SOURCE RECORDS Block Start
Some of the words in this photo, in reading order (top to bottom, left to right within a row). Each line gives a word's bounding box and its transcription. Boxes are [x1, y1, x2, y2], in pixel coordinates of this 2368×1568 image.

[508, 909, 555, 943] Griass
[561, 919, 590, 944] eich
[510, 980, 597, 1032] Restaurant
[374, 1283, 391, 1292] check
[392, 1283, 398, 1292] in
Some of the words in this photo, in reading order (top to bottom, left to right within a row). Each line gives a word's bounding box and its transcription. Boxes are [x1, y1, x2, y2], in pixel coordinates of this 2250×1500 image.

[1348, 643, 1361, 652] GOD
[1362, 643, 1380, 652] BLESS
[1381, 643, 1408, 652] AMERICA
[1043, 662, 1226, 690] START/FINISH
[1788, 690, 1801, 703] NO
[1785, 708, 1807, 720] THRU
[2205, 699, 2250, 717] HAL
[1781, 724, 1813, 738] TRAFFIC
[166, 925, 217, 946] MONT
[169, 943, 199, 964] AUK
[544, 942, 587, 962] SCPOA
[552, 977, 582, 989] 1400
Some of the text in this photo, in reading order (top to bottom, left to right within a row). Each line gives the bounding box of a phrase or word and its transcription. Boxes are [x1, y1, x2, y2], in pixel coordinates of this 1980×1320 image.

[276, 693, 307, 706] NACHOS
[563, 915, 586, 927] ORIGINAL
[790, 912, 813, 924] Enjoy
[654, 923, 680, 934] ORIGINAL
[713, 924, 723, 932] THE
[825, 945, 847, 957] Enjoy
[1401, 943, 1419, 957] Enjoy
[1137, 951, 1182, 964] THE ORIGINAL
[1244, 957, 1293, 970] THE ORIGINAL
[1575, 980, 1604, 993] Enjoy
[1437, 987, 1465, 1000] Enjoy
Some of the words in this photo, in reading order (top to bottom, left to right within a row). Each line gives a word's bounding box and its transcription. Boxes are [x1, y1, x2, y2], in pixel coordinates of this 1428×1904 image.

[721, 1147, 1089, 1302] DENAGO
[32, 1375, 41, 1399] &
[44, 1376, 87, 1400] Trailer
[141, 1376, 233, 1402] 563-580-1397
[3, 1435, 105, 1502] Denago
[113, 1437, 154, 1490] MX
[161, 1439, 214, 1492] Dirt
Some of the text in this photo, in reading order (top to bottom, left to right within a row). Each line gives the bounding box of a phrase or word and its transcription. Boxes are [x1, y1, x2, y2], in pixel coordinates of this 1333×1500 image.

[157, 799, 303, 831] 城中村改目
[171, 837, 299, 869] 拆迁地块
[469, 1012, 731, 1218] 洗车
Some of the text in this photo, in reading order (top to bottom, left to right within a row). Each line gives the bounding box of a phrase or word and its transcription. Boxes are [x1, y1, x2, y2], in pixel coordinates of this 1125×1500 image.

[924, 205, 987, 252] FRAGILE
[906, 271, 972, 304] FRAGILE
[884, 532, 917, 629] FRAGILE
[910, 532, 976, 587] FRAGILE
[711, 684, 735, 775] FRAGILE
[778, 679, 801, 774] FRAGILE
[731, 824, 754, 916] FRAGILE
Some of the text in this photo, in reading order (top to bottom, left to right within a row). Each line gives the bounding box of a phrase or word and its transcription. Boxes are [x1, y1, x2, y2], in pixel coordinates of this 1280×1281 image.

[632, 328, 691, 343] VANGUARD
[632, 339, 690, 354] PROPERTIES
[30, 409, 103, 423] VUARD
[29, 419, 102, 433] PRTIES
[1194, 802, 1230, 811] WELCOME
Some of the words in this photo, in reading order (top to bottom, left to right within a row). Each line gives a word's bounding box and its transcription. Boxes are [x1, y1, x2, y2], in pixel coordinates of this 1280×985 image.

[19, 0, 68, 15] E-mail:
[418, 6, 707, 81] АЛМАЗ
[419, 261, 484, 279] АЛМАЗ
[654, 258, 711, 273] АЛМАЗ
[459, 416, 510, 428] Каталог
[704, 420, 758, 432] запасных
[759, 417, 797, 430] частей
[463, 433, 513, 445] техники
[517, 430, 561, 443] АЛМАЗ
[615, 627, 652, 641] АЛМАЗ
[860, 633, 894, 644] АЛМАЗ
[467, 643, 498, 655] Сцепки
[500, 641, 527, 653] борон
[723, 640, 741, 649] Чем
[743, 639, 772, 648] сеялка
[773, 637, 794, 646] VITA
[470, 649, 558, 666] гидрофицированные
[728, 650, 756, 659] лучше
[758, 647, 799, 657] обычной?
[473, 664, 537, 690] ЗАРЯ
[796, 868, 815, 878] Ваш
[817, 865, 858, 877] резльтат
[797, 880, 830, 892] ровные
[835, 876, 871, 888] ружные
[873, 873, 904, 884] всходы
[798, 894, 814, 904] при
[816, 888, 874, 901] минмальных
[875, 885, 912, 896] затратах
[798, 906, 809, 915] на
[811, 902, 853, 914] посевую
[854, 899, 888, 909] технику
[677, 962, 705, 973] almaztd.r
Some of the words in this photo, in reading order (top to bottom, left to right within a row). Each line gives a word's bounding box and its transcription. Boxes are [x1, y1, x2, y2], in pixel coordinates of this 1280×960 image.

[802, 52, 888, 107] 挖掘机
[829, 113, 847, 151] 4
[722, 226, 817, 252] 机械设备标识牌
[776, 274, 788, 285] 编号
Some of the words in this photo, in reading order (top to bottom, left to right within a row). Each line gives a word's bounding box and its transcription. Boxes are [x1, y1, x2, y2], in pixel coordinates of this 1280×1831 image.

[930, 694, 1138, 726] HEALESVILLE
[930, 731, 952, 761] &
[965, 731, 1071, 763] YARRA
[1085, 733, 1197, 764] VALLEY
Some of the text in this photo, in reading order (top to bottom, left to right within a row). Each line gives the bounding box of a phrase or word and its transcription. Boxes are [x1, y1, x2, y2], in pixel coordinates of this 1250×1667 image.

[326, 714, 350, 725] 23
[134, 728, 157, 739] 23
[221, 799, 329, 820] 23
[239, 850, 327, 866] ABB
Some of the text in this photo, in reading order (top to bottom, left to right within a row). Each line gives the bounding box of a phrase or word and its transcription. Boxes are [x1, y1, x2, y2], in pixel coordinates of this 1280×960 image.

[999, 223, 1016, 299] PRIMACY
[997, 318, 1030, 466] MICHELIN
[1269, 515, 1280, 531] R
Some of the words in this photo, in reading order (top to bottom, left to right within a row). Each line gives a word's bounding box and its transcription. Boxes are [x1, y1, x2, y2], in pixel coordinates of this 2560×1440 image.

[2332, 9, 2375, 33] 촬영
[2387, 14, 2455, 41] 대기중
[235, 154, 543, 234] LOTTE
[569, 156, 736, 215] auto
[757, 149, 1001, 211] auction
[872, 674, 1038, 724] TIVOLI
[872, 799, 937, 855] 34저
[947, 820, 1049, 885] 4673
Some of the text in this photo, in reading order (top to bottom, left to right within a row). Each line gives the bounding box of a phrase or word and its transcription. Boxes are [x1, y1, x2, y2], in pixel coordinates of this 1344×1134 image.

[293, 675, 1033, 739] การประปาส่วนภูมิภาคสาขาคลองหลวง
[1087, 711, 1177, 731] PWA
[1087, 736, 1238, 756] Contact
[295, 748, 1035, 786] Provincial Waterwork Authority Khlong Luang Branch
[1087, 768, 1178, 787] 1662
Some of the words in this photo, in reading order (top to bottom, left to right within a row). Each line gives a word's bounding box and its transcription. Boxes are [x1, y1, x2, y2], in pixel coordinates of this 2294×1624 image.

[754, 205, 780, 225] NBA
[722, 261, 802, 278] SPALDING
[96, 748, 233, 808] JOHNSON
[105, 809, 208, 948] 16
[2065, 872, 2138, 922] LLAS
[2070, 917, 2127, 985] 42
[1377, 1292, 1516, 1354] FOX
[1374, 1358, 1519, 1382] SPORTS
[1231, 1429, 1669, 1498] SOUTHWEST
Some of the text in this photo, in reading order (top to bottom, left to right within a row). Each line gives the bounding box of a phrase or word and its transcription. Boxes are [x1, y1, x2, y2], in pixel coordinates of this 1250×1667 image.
SOURCE RECORDS Block End
# WHAT IS NEEDED
Transcribe exactly, starting at the line with "this 1344×1134 image." and continuing through the last line of the data above; leave out all earlier lines.

# RESULT OF THE EXERCISE
Some of the text in this photo, in reading order (top to bottom, left to right within a row). Each line gives the bounding box of a phrase or word and its transcription. Boxes are [x1, y1, x2, y2], in pixel coordinates of this 1344×1134 image.

[293, 675, 1033, 739] การประปาส่วนภูมิภาคสาขาคลองหลวง
[1087, 711, 1177, 731] PWA
[1087, 736, 1238, 756] Contact
[295, 748, 1035, 786] Provincial Waterwork Authority Khlong Luang Branch
[1087, 768, 1178, 787] 1662
Some of the words in this photo, in reading order (top to bottom, left to right within a row). Each line gives a word's bounding box and its transcription. Boxes are [x1, y1, x2, y2], in pixel coordinates of this 2294×1624 image.

[754, 205, 780, 225] NBA
[722, 261, 802, 278] SPALDING
[96, 748, 233, 808] JOHNSON
[105, 809, 208, 948] 16
[2065, 872, 2138, 922] LLAS
[2070, 917, 2127, 985] 42
[1377, 1292, 1516, 1354] FOX
[1374, 1358, 1519, 1382] SPORTS
[1231, 1429, 1669, 1498] SOUTHWEST
Some of the text in this photo, in reading order (top to bottom, left to right within a row). Each line gives the bounding box of a phrase or word and its transcription. Boxes are [x1, y1, x2, y2], in pixel coordinates of this 1250×1667 image.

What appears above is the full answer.